METHOD: To investigate this hypothesis, 2-month old female 5xFAD mice were fed a high-fat high-carbohydrate diet (HFHC) or a control diet (CD) for 8 weeks. After 1 month, the brain-permeant solTNF inhibitor XPro1595 or a brain-impermeant pan (sol and membrane-bound) TNF inhibitor Etanercept or saline were dosed twice weekly for 4 weeks. Plasma, adipose tissue, and gut were collected for evaluation of IR, metabolic and immune parameters. Molecular markers of insulin signaling, oxidative stress, mitochondrial impairment and inflammation were assessed in relevant brain regions (hippocampus, hypothalamus and cortex).

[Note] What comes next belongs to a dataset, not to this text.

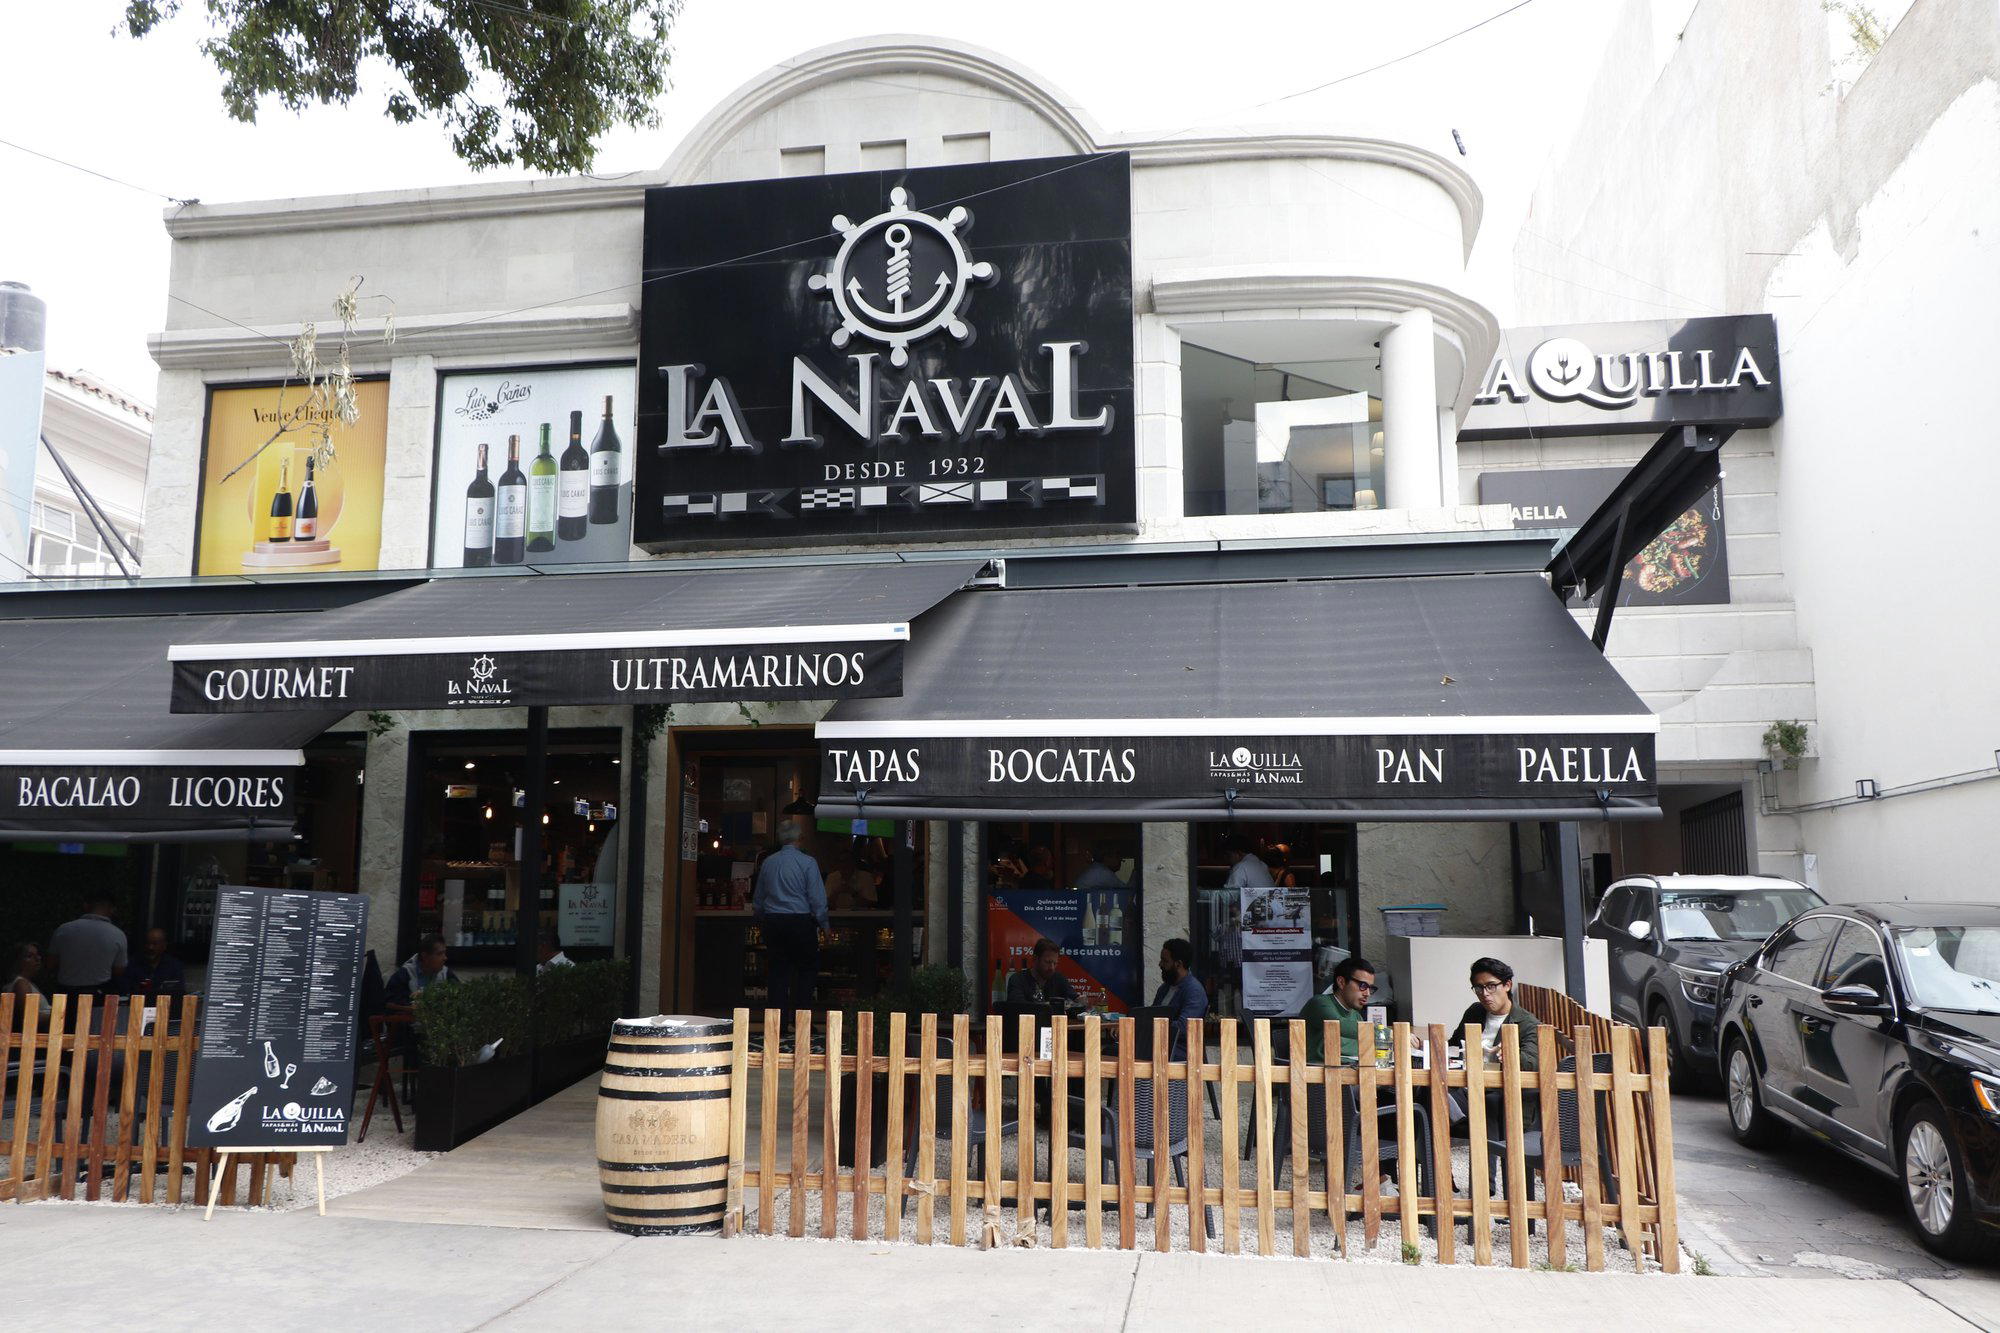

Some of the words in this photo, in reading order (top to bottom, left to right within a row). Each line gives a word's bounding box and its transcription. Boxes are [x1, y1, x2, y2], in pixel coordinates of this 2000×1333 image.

RESULT: Our preliminary data demonstrate that HFHC-fed 5XFAD mice exhibit increased body weight gain compared to CD groups. Ectopic lipid deposition, as measured by gonadal fat pad and liver volumes, was significantly increased, concurrent to anatomical indicators of intestinal inflammation, including shortened small intestine and colon. HFHC diet promoted systemic inflammation, as measured by increases in the classical pro-inflammatory cytokines IL-6 and TNF. Further, plasma LCN2, a downstream TNF inflammatory molecule associated with insulin insensitivity, hippocampal alterations, and previously observed to be increased in AD patients, was also significantly increased. Ongoing assessments of mRNA and protein expression of insulin signaling and inflammation in the hippocampus and cortex will determine additional effects of TNF in central insulin impairment and AD pathogenesis and will be presented and integrated into the overall findings.
CONCLUSION: Together, these data suggest HFHC diet disrupts peripheral immune and metabolic parameters in the 5XFAD animal model of AD-like pathology, thereby triggering neuroinflammation and insulin insensitivity, conditions which have been implicated in significantly increasing the risk for development of AD in humans.